THE POWER OF A CHILD’S FAITH
FAR SURPASSES THE ABILITY OF ADULTS TO BELIEVE

A year ago I had to move my elderly mother into my home. She was no longer able to live by herself but did not want to move to an assisted living facility. In addition, my husband was diagnosed with young onset dementia at age 59. Throw in my 31 year old schizoaffective untreated uncooperative son and my home became stressful beyond measure.
I thought A Course in Miracles would help me keep my perspective through this but I found myself angry when it didn’t seem to work.
What I realized is that while I had knowledge of the Course and have studied it for years, I did not actually have FAITH in the Course. I found that I am still believing the illusion of the world.

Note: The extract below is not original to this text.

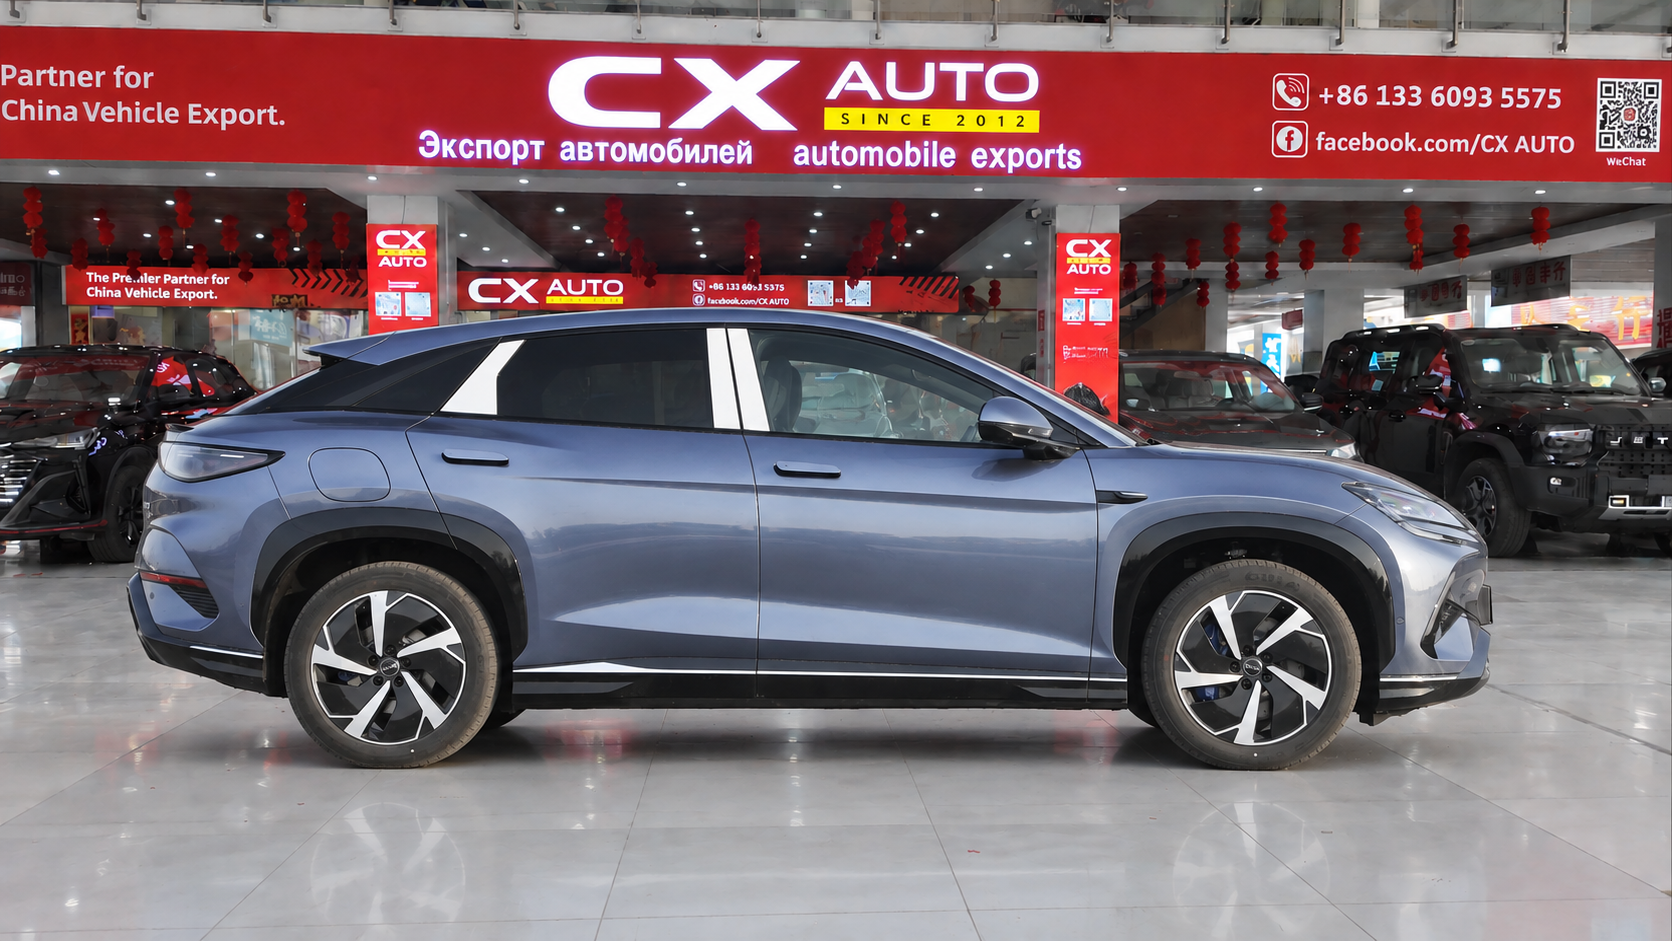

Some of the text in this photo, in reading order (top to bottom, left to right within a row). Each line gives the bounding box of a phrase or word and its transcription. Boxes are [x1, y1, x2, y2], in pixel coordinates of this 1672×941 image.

How do I know that I am still engrained in the ego thought system? GUILT and ANGER and RESENTMENT! Just recently it dawned on me that I still felt an obligation to make sure everyone in my family is taken care of. I have been judging whether I am doing a good job of caregiving or not. I would feel anger and resentment and feel stuck with the responsibility of them all.
Silly, silly, ego. Those are ego thoughts. I just need to apply the same principles I talked about with children in my book, Conscious Parenting Using A Course in Miracles, to the adults in my family as well.

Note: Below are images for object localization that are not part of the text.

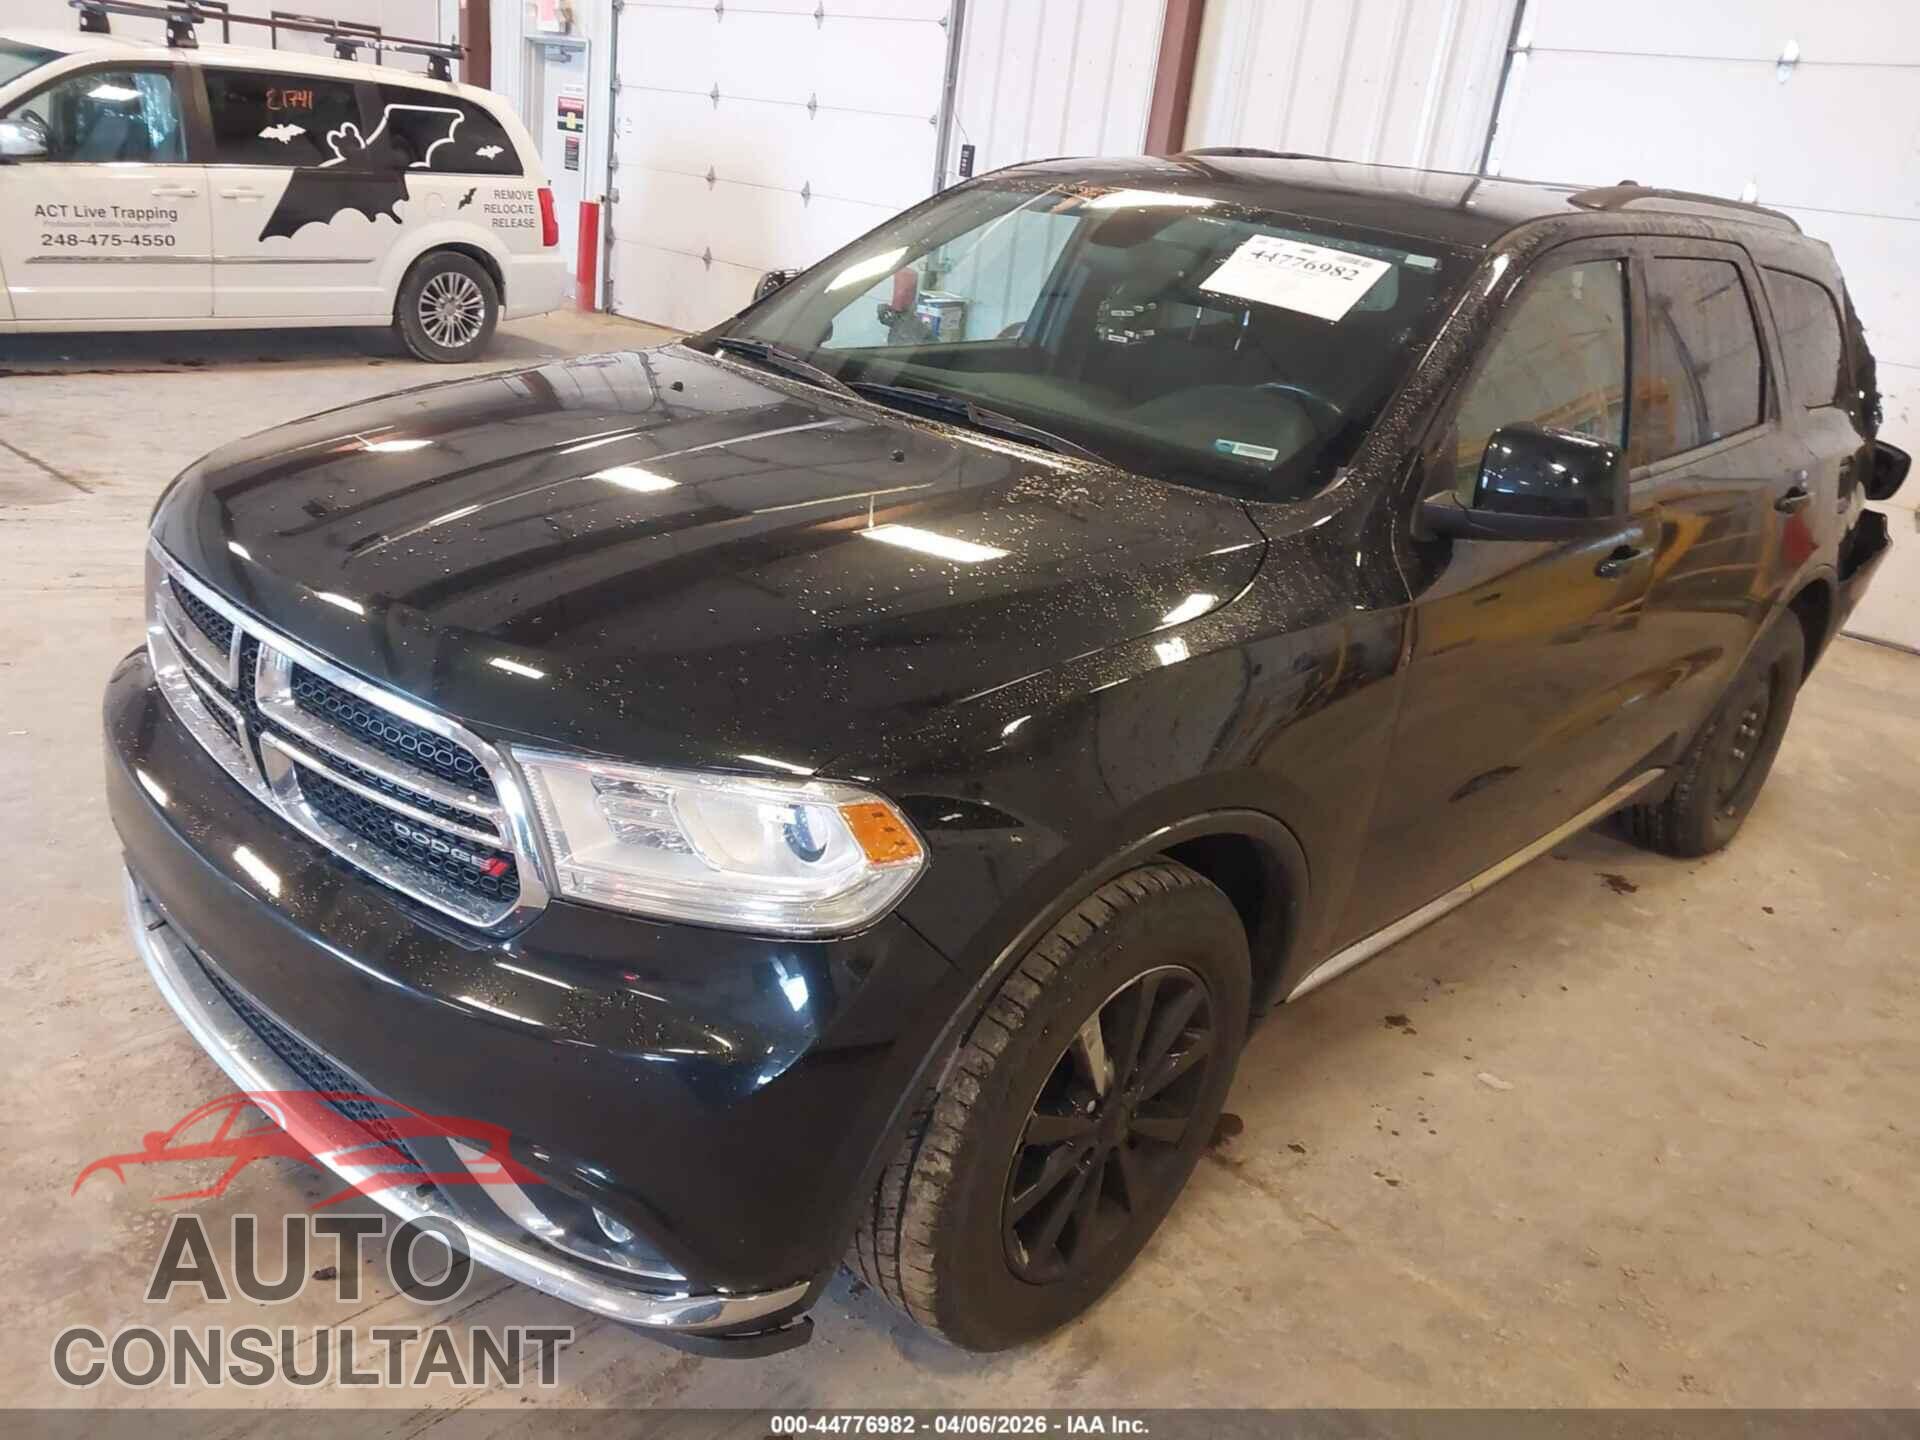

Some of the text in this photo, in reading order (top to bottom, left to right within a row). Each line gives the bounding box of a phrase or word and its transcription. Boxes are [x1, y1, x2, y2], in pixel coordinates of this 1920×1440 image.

[494, 190, 534, 200] REMOVE
[34, 204, 178, 222] ACT Live Trapping
[483, 203, 534, 214] RELOCATE
[491, 218, 535, 228] RELEASE
[40, 233, 176, 247] 248-475-4550
[1250, 250, 1359, 281] 44776982
[393, 822, 490, 873] DODGE

But the most important “ah ha” moment is when I realized the biggest error in perception with regards to them is my belief in the special relationship. When I make myself feel responsible for their well being, I am believing in the special relationship of them being family and being separate.

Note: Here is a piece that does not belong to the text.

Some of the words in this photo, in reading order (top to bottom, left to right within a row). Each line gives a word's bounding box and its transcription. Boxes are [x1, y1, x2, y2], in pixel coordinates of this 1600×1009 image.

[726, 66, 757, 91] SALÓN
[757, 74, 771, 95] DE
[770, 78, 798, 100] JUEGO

I now know that if and when the time comes that I can’t or don’t want to take care of them anymore, it is ok because this world is not what I want. They are not the bodies that my physical eyes see. I am not the body MY physical eyes see. This world is not home! Why would I feel guilty and anger and resentment for something that is not real? So silly of me.
The anger, guilt and resentment aren’t entirely gone. They still show up from time to time, but they are replaced more often than not with compassion, forgiveness, awareness, and detachment. The difference seems to be that I recognize ego feelings more quickly than before, and now find it easier to shift that perception to Truth.
My ego has made this far too complicated. I forgot to surrender my thoughts to the Holy Spirit for healing all the while thinking that the Holy Spirit is having a good chuckle at my idea that they need healing at all!